(Dataset entries)
Segment Open
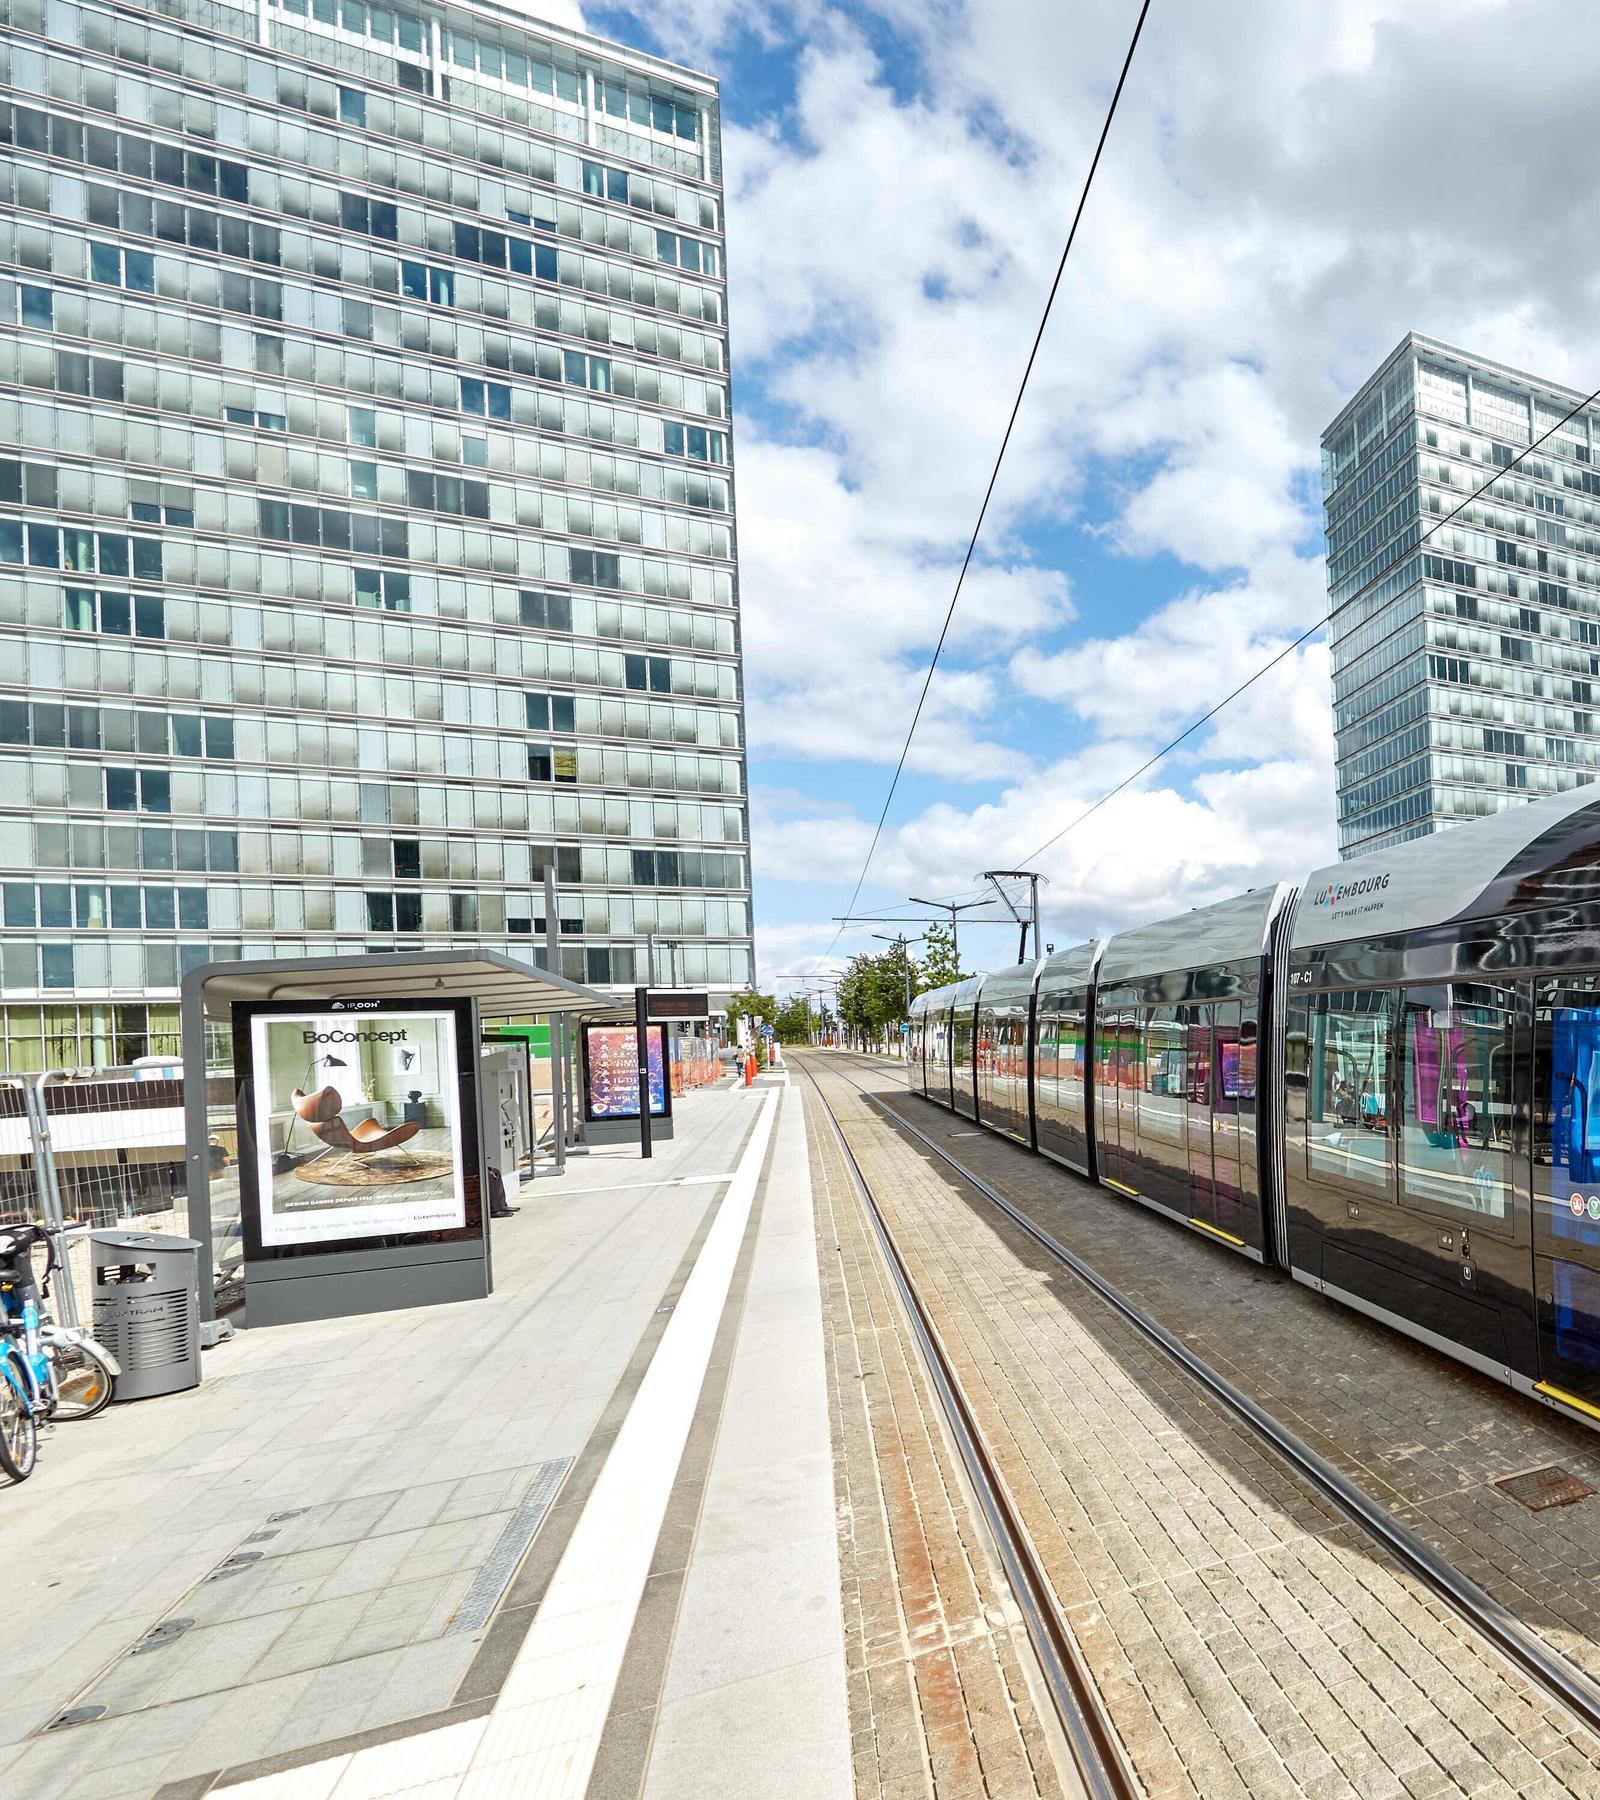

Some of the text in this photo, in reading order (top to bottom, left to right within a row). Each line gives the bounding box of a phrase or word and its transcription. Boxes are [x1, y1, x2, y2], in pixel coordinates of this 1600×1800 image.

[1314, 873, 1390, 907] LUXEMBOURG
[1344, 909, 1357, 917] MAKE
[1363, 902, 1384, 912] HAPPEN
[302, 1029, 408, 1044] BoConcept
[413, 1212, 457, 1221] Luxembourg
Segment Closed
* _Activity_:
Take the records above and transcribe them exactly, dropping every picture.

* _Response to the exercise_:
Some of the text in this photo, in reading order (top to bottom, left to right within a row). Each line gives the bounding box of a phrase or word and its transcription. Boxes are [x1, y1, x2, y2], in pixel coordinates of this 1600×1800 image.

[1314, 873, 1390, 907] LUXEMBOURG
[1344, 909, 1357, 917] MAKE
[1363, 902, 1384, 912] HAPPEN
[302, 1029, 408, 1044] BoConcept
[413, 1212, 457, 1221] Luxembourg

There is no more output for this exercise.